Twenty newborns at University College London Hospital (UCLH) were studied. Half of them were preterm (and tested at less than 35 weeks’ gestational age*), while the other half were either full term (seven infants) or premature but tested at term age (three infants). The two groups were comparable in terms of their actual postnatal age, as the mean age of the preterm infants was 14 days, compared with 10 days in the full-term (or term age) group.
The researchers measured the infants’ response to a painful but medically necessary heel lance (blood test), which was conducted twice (three to 18 minutes apart) for each infant (sometimes two lancets are needed to collect enough blood; this is not necessary). (for most infants therefore only those requiring a second lance were included in the study).

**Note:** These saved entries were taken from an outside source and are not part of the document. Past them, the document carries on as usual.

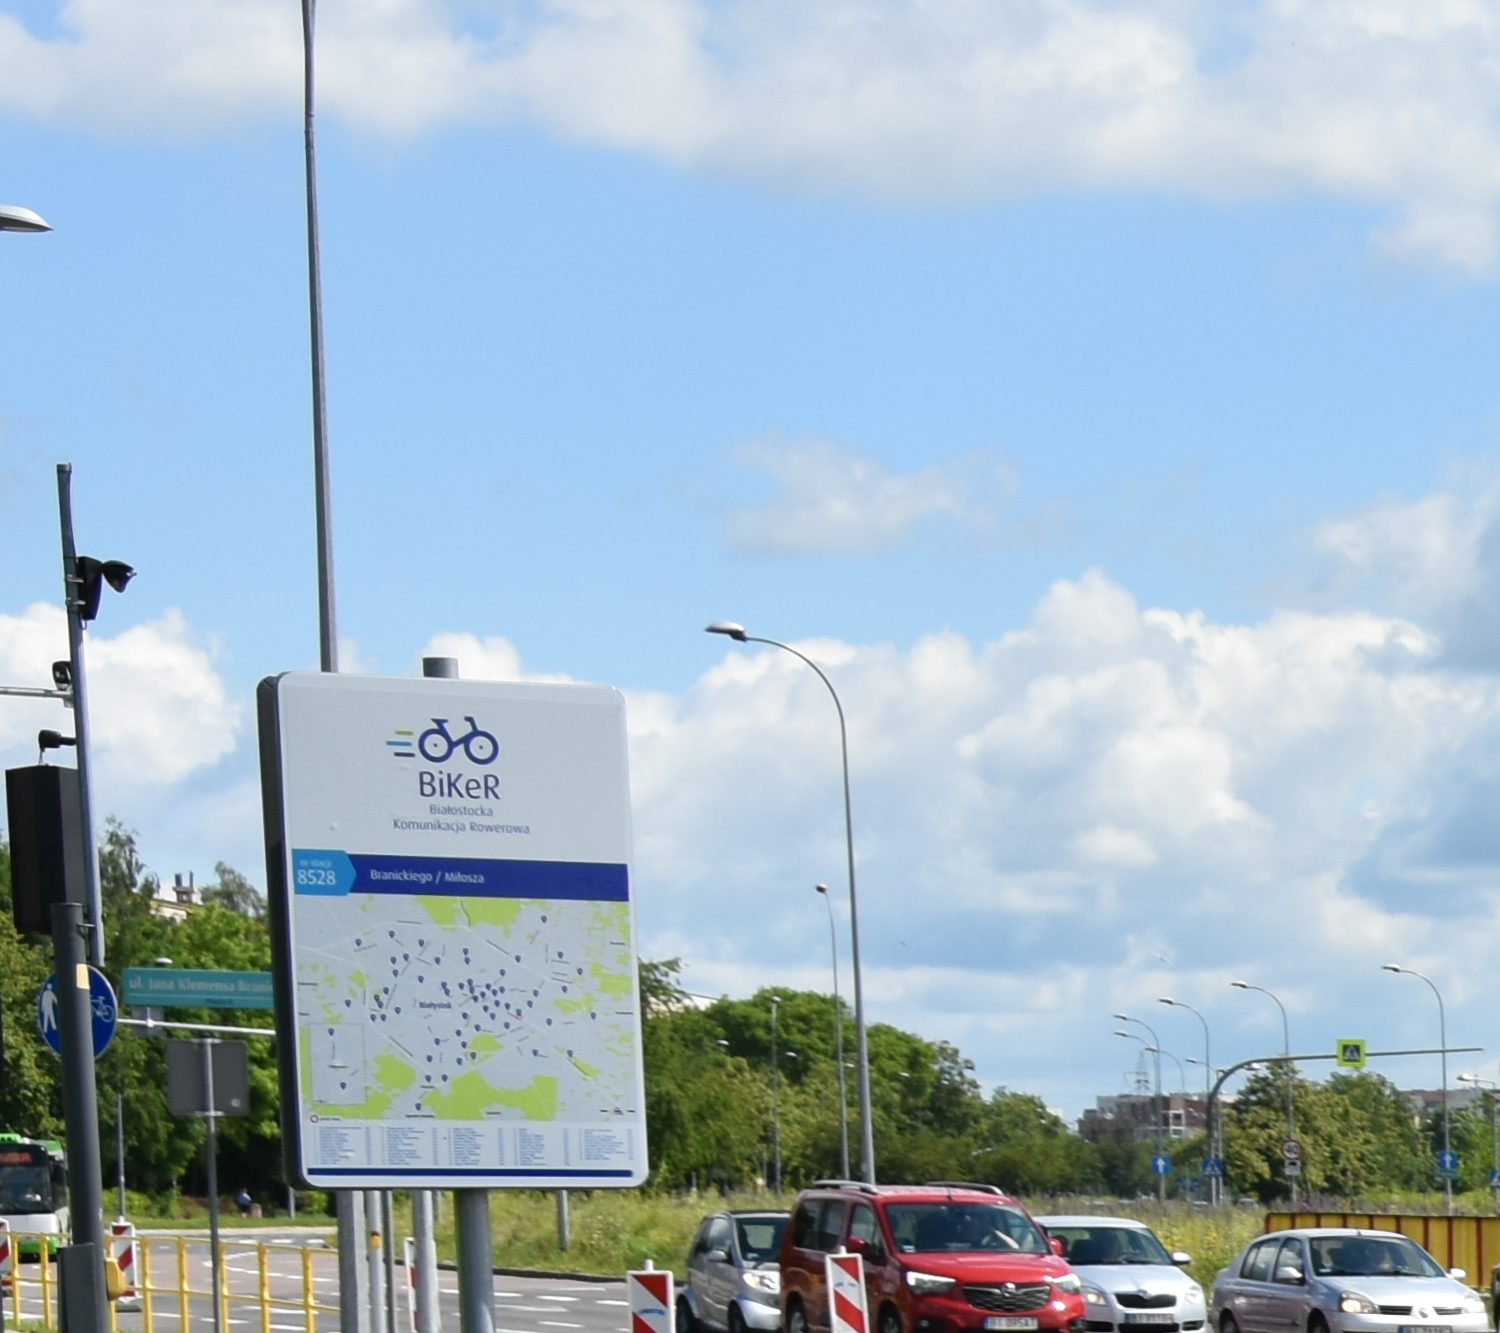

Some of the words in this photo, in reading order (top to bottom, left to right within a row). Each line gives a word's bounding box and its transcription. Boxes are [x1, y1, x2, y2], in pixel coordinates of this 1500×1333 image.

[419, 769, 501, 800] BiKeR
[429, 803, 494, 817] Białostocka
[393, 818, 466, 834] Komunikacja
[469, 821, 531, 834] Rowerowa
[297, 869, 336, 885] 8528
[370, 869, 433, 884] Branickiego
[444, 871, 485, 884] Miłosza
[148, 978, 175, 990] Jana
[178, 978, 235, 991] Klemensa
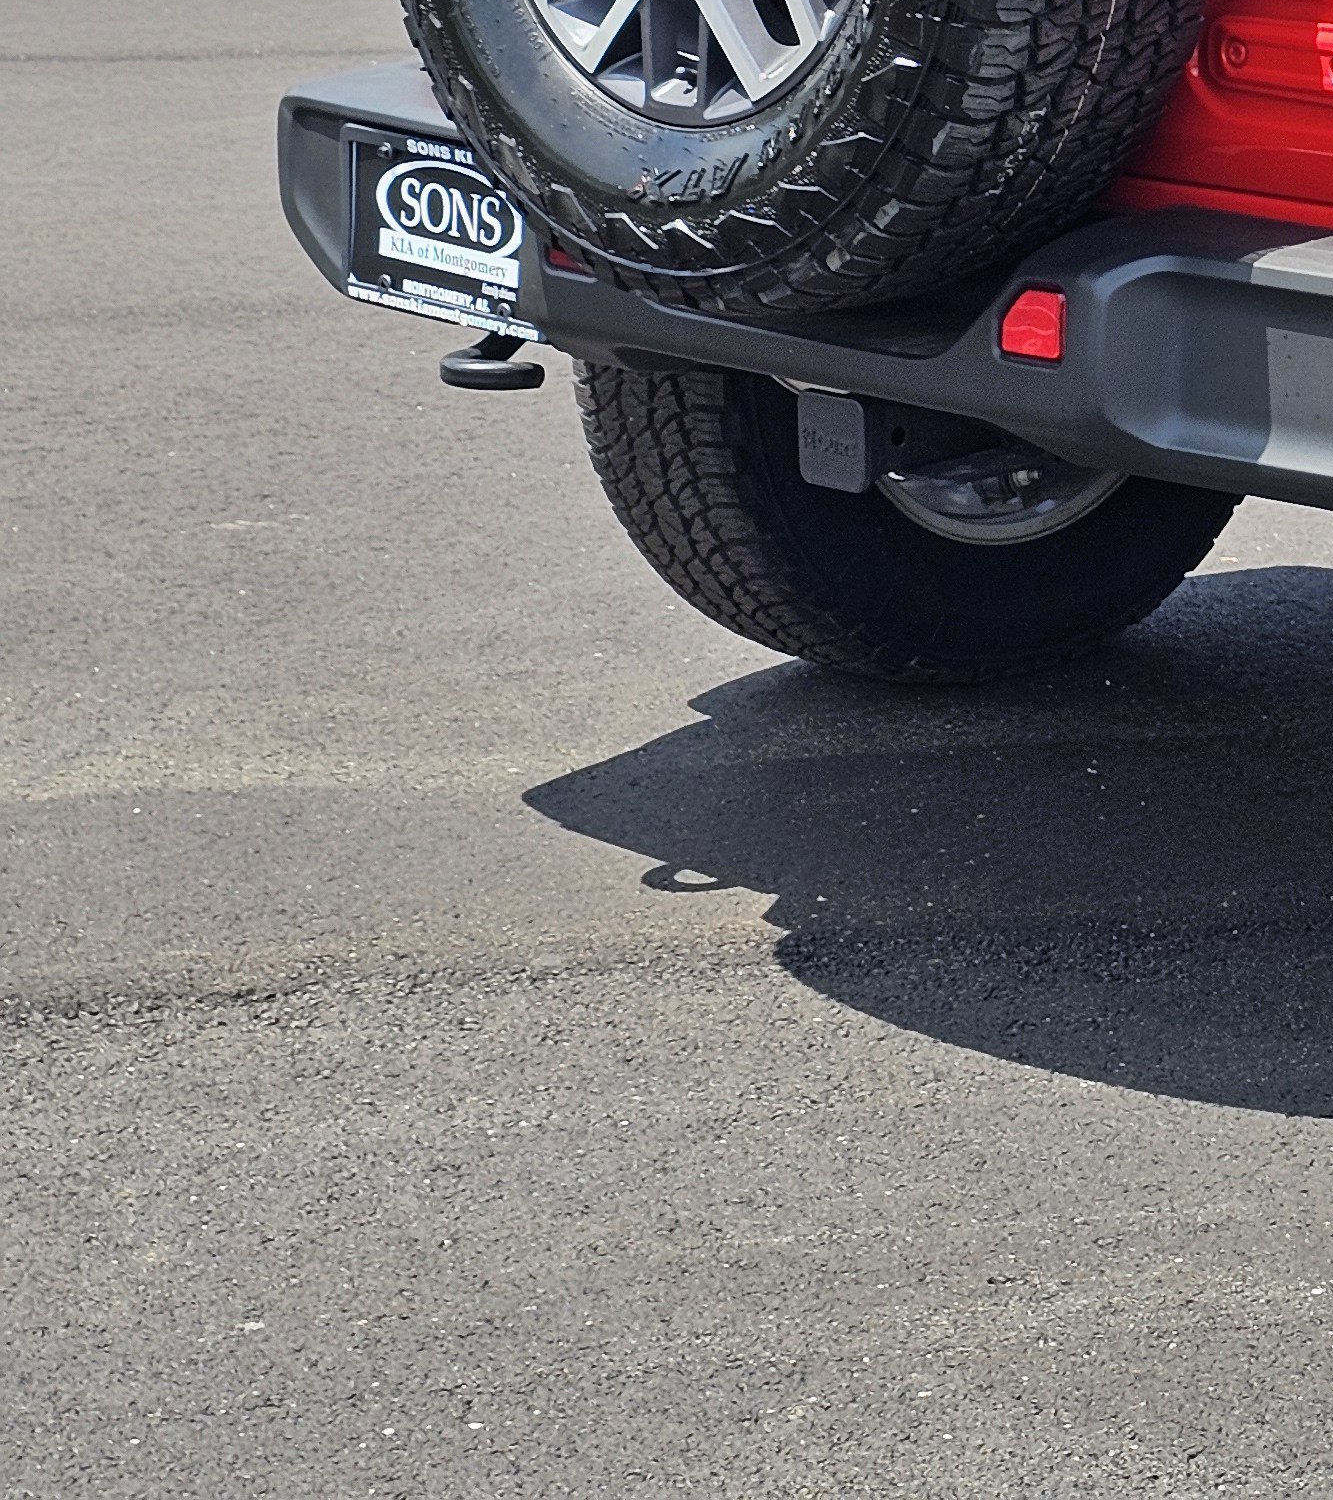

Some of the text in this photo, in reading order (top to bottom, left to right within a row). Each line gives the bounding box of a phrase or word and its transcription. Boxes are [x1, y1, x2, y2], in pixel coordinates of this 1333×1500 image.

[406, 138, 475, 165] SONS KI
[399, 176, 502, 247] SONS
[390, 235, 508, 282] KIA of Montgomery

Heel lances can elicit substantial pain responses in infants, but it was not previously known that this was reduced by repeated injections. To understand this, the researchers recorded the children’s brain activity using EEG (electroencephalography) electrodes placed on the skull and ECG (electrocardiography), as well as monitored their facial expressions and reflexes as they retracted their legs.
The researchers found that brain activity was not as strong immediately after the second heel lance, compared to the first, suggesting a habituation response, but this was only for full-term infants. They found a similar pattern for heart rate and facial expression, as premature infants showed a strong response to both heel spurs, while full-term infants showed a pain habit.
The team says this habitual response may be due to full-term infants anticipating impending pain when they receive a second heel lance, so their response is less pronounced, or instead may be due to their brains modifying their reflexive survival responses.
They add that pain habituation may protect full-term infants, but not preterm ones, from potential consequences for their development.
First author Dr Mohammed Rupawala (UCL Neuroscience, Physiology and Pharmacology) said: “Although unpleasant and painful clinical procedures for many young infants are necessary, they have the potential to affect their development, such as changes in pain perception, or potentially less gray matter or in the brain. White matter disruption.”
Co-author Dr. Judith Meek, consultant neonatologist at UCLH, said: “This work raises awareness of the additional risk of pain to premature babies. Clinicians should do everything possible to protect them from repeated painful experiences. This should be considered an essential component of brain-centred neonatal care.”